Bovendien hoeven minder significante ondernemingen sommige door de Nationale Bank van België aanbevolen best practices niet toe te passen. Deze best practices zijn herkenbaar aan de vermelding “er wordt aanbevolen…” of “… wordt als een best practice beschouwd”. Indien een verzekeringsonderneming deze best practices niet toepast, dient zij dit te rechtvaardigen in het RSR en daarbij met name te vermelden welke alternatieve maatregelen zij heeft getroffen.

[5] Deze voorbeelden van mogelijke gevolgen van de toepassing van de evenredigheidsregel doen geen afbreuk aan de vrijstellingen en afwijkingen die op grond van adhoc-criteria kunnen worden toegestaan overeenkomstig de Solvabiliteit II-wet (bv. de mogelijkheid om een vrijstelling te verkrijgen van de verplichting om een auditcomité, een risicocomité en een remuneratiecomité op te richten, die behandeld wordt in punt 1.8.1. van deze circulaire).

0.6. Definities

Voor de toepassing van deze circulaire wordt verstaan onder:

« Bank »: de Nationale Bank van België als prudentieel toezichthouder op de verzekerings- en herverzekeringsondernemingen naar Belgisch recht ;

« Belgische Corporate Governance Code  »: de code voor deugdelijk bestuur die werd opgesteld door de Commissie Corporate Governance op grond van artikel 3:6, §2, vierde lid van het Wetboek van Vennootschappen en Verenigingen en die werd afgekondigd door de Koning bij koninklijk besluit van 12 mei 2019;

« entiteit die verantwoordelijk is voor de groep »: de deelnemende verzekerings- of herverzekeringsonderneming naar Belgisch recht, de verzekeringsholding of de gemengde financiële holding naar Belgisch recht die de moederonderneming is van een verzekerings- of herverzekeringsonderneming naar Belgisch recht of die beschouwd wordt als verantwoordelijk voor de governanceaspecten op groepsniveau[6].

« minder significante onderneming / groep »: verzekerings- of herverzekeringsonderneming of verzekerings- of herverzekeringsgroep die voldoet aan de evenredigheidscriteria die vermeld zijn in punt 0.5. van deze inleiding en die door de Nationale Bank van België worden toegepast conform haar interne methodologie;

« onafhankelijke controlefuncties »: de risicobeheerfunctie, de actuariële functie, de compliancefunctie en de interneauditfunctie[7].

« significante onderneming / groep »: verzekerings- of herverzekeringsonderneming of verzekerings- of herverzekeringsgroep die niet voldoet aan de evenredigheidscriteria die vermeld zijn in punt 0.5.

« Solvabiliteit II-wet »: de wet van 13 maart 2016 op het statuut van en het toezicht op de verzekerings- of herverzekeringsondernemingen;

« WVV »: het Wetboek van Vennootschappen en Verenigingen dat werd ingevoerd door de wet van 23 maart 2019.

Onder de term "verzekeringsondernemingen” dient in deze circulaire te worden verstaan "verzekerings- of herverzekeringsondernemingen” evenals de hierboven opgesomde ondernemingen, die onder de toepassing van deze circulaire vallen.

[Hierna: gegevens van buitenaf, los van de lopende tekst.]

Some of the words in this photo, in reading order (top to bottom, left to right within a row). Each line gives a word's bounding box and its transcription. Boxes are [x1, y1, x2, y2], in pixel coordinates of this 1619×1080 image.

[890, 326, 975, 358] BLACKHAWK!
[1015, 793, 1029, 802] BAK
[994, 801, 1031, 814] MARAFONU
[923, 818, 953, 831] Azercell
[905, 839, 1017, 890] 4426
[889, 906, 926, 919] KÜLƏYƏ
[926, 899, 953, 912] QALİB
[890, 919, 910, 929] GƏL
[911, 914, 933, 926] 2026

Wanneer er geen directiecomité is, moet de term "directiecomité" worden opgevat als "effectieve leiding".

[6] In de meeste gevallen is de entiteit die verantwoordelijk is voor de groepsaspecten de moederentiteit aan het hoofd van de groep. In uitzonderlijke gevallen kan aanvaard worden, voor zover de Bank hieraan haar goedkeuring heeft verleend, dat de entiteit die belast is met de naleving van de vereisten op groepsniveau, niet de moederentiteit maar een dochterentiteit is. In dat geval is het deze dochterentiteit die de governancemaatregelen op groepsniveau ten uitvoer dient te leggen (cf. Hoofdstuk 13 van deze circulaire).

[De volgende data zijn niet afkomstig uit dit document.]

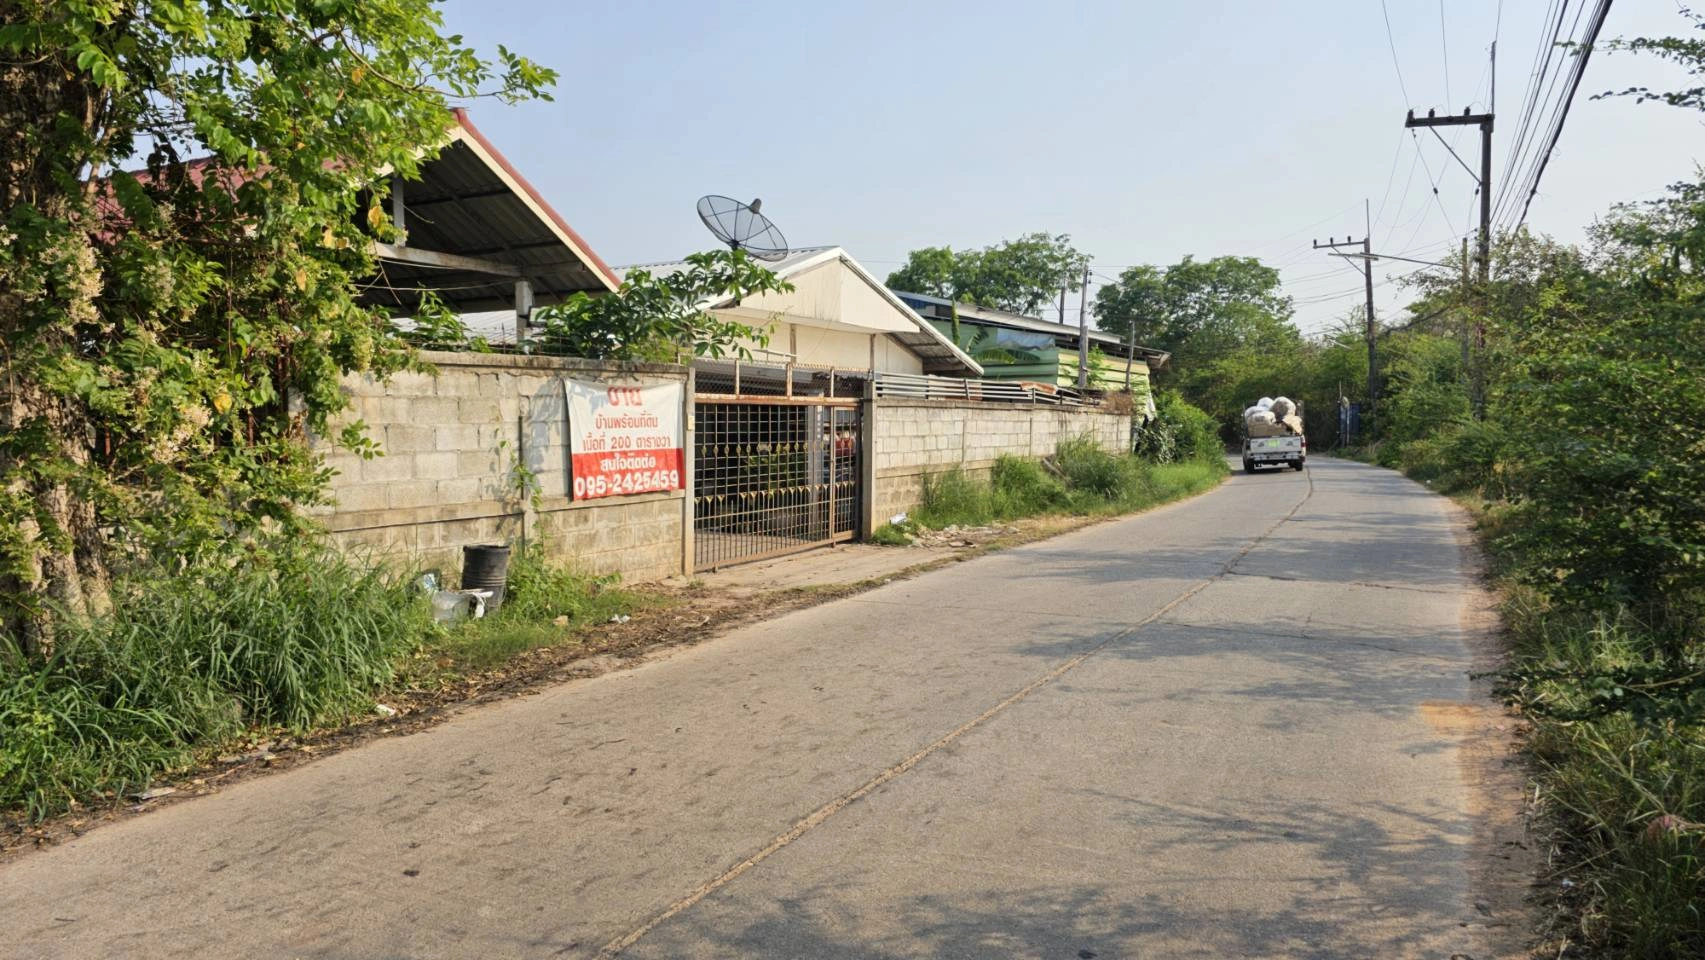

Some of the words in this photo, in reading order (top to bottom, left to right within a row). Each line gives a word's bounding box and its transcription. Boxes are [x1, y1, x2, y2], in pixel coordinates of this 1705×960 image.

[595, 410, 659, 430] บ้านพร้อมที่ดิน
[611, 436, 631, 449] 200
[636, 435, 671, 449] ตารางวา
[600, 452, 657, 471] สนใจติดต่อ
[575, 469, 680, 497] 095-2425459

[7] Indien de onderneming er in het kader van de tenuitvoerlegging van haar governancesysteem voor kiest om nog andere functies als sleutelfuncties te beschouwen, omdat zij volgens haar van bijzonder belang zijn voor haar activiteit en organisatie, wordt aanbevolen dat zij op deze functies, voor zover zij relevant zijn, dezelfde regels toepast als deze die in deze circulaire zijn opgenomen voor de onafhankelijke controlefuncties.